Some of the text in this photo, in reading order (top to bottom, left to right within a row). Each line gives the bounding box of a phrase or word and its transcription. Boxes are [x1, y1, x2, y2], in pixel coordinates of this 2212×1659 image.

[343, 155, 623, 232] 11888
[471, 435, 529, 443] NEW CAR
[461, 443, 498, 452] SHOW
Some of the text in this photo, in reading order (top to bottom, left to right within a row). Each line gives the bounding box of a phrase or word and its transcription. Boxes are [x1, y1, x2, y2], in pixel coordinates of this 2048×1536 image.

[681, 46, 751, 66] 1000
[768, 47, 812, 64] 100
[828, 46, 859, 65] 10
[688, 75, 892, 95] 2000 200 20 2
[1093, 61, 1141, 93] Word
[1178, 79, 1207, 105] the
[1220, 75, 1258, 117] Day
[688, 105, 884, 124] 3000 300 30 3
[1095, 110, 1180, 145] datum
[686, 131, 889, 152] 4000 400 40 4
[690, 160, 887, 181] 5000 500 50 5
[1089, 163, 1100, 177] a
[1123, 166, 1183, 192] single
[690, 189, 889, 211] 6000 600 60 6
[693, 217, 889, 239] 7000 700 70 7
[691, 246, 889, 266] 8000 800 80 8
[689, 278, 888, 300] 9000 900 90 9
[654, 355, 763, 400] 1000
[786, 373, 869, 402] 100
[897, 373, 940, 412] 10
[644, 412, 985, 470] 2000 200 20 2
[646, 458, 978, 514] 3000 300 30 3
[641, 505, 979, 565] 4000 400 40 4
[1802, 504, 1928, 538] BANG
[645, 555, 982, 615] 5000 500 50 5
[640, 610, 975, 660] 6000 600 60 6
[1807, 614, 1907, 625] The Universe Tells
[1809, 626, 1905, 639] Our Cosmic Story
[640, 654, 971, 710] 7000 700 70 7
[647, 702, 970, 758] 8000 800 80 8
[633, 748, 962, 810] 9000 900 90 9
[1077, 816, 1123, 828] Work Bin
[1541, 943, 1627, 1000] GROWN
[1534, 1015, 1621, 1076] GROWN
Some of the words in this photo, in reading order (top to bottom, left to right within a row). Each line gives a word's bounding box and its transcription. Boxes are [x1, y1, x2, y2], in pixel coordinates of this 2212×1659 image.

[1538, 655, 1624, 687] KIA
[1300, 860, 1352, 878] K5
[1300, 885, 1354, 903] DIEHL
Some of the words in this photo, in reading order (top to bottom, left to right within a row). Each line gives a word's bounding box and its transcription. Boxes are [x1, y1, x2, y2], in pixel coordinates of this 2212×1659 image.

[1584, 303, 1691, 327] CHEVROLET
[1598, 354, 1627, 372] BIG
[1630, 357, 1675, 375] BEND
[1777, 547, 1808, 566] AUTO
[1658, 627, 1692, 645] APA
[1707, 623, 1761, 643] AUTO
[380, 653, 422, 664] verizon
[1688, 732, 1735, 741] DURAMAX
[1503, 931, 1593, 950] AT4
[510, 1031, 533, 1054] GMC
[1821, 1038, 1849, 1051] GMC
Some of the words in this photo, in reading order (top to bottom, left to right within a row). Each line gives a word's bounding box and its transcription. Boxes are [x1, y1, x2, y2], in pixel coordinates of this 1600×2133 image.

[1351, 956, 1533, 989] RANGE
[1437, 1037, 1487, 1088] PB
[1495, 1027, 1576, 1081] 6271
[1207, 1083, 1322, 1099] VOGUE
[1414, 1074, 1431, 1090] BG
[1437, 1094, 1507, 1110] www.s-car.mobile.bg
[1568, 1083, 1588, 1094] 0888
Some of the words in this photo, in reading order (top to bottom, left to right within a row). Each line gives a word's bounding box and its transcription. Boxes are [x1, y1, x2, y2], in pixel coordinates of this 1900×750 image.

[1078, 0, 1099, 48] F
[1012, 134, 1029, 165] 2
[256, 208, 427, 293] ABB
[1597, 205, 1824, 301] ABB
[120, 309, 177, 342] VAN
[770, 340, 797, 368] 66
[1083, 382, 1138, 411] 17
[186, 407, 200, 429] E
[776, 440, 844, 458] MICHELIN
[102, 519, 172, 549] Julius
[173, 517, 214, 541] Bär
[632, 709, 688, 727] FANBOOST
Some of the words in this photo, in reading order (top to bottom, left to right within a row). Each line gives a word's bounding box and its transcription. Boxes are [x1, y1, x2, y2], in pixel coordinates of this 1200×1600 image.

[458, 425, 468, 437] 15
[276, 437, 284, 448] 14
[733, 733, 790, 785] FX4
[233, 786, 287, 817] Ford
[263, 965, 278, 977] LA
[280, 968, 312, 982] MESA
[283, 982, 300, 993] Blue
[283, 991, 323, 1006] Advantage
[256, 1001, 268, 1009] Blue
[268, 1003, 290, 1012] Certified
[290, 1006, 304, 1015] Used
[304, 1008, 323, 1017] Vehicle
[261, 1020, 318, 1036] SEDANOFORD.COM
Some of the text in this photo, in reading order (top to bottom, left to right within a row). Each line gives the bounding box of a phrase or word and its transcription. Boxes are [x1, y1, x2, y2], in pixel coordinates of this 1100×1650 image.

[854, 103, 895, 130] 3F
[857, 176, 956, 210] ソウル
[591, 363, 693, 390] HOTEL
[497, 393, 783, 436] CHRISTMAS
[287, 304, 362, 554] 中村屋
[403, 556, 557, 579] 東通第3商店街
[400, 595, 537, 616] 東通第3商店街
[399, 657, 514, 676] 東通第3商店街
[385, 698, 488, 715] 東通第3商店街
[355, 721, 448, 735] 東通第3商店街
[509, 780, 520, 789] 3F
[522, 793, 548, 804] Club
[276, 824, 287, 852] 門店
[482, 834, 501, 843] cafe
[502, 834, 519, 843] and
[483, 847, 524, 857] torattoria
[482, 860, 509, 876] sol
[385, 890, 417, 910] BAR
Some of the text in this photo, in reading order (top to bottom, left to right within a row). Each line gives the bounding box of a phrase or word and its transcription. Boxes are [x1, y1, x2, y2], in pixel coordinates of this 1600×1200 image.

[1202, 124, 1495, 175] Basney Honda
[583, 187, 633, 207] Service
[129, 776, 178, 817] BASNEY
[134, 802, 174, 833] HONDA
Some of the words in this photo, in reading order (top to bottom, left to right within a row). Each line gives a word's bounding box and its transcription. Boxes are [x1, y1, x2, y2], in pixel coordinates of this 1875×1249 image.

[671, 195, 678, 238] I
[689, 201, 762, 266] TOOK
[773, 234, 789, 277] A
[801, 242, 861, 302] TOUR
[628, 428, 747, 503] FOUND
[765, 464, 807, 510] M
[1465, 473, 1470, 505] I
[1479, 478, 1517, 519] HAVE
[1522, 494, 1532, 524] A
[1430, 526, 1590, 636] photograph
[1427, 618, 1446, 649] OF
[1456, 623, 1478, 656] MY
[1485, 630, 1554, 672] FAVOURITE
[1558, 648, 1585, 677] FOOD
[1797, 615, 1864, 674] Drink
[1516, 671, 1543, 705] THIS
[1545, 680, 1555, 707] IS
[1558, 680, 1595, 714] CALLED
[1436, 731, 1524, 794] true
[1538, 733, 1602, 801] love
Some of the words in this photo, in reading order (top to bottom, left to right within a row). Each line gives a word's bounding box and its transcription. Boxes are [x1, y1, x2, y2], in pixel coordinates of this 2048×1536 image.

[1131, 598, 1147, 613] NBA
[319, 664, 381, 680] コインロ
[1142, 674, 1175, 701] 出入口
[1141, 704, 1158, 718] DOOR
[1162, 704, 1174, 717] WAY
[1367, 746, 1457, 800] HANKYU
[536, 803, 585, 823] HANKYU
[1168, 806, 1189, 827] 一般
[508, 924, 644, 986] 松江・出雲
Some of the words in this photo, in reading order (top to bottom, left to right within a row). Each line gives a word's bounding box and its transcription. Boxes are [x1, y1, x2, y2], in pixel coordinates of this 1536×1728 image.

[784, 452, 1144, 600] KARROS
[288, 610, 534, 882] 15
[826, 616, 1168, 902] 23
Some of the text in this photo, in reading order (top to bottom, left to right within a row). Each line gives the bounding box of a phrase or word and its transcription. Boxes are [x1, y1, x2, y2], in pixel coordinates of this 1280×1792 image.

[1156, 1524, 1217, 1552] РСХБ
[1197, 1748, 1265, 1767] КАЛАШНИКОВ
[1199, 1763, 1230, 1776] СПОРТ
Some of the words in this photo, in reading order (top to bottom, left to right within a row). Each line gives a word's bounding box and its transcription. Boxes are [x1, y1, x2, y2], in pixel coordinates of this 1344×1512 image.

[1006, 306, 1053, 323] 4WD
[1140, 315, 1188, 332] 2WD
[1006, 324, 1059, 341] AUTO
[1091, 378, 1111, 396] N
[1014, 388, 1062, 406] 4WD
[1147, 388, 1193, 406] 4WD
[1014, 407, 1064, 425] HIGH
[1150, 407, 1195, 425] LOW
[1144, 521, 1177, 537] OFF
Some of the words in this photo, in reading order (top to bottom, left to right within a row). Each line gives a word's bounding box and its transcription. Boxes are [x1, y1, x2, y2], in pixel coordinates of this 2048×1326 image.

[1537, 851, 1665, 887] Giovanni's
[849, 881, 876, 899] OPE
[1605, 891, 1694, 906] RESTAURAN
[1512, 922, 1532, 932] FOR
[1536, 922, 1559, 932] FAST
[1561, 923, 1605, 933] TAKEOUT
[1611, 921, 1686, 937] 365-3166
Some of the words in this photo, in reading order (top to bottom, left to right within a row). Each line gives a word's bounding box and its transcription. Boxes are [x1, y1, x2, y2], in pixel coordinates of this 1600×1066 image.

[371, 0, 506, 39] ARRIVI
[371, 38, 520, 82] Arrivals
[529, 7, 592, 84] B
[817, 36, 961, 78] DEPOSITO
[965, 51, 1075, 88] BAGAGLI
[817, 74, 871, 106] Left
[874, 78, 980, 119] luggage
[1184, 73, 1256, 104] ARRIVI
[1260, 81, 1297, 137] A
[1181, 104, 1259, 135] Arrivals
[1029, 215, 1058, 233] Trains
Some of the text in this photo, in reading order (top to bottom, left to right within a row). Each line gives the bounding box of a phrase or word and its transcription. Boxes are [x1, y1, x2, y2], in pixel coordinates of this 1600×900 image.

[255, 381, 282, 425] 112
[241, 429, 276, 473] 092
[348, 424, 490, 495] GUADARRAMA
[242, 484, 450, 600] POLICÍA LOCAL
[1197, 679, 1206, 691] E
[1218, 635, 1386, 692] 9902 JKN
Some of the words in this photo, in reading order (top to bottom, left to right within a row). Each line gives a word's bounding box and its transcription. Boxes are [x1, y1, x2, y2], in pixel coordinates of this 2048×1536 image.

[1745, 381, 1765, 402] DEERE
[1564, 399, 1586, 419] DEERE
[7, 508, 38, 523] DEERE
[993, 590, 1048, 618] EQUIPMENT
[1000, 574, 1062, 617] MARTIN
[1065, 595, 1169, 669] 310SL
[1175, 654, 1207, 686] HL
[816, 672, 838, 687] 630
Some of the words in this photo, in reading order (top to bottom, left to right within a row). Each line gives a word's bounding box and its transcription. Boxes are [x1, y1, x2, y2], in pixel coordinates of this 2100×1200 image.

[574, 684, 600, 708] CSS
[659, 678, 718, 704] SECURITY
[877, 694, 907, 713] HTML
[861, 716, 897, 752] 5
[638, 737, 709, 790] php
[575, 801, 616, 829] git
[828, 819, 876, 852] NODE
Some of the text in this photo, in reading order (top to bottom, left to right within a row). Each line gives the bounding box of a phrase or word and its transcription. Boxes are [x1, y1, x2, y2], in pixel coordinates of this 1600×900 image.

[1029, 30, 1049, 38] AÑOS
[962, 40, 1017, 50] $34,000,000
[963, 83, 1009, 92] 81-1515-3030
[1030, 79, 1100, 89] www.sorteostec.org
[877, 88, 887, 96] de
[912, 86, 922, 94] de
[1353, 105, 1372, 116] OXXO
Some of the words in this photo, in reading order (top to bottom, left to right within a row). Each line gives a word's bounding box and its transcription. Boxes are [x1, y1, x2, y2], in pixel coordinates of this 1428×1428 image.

§

* Assigned task
Starting at the line with "this 2100×1200 image.", restate each line through the end of the records, both ends included, and stop there.

* Written response
Some of the words in this photo, in reading order (top to bottom, left to right within a row). Each line gives a word's bounding box and its transcription. Boxes are [x1, y1, x2, y2], in pixel coordinates of this 2100×1200 image.

[574, 684, 600, 708] CSS
[659, 678, 718, 704] SECURITY
[877, 694, 907, 713] HTML
[861, 716, 897, 752] 5
[638, 737, 709, 790] php
[575, 801, 616, 829] git
[828, 819, 876, 852] NODE
Some of the text in this photo, in reading order (top to bottom, left to right within a row). Each line gives the bounding box of a phrase or word and its transcription. Boxes are [x1, y1, x2, y2], in pixel coordinates of this 1600×900 image.

[1029, 30, 1049, 38] AÑOS
[962, 40, 1017, 50] $34,000,000
[963, 83, 1009, 92] 81-1515-3030
[1030, 79, 1100, 89] www.sorteostec.org
[877, 88, 887, 96] de
[912, 86, 922, 94] de
[1353, 105, 1372, 116] OXXO
Some of the words in this photo, in reading order (top to bottom, left to right within a row). Each line gives a word's bounding box and its transcription. Boxes are [x1, y1, x2, y2], in pixel coordinates of this 1428×1428 image.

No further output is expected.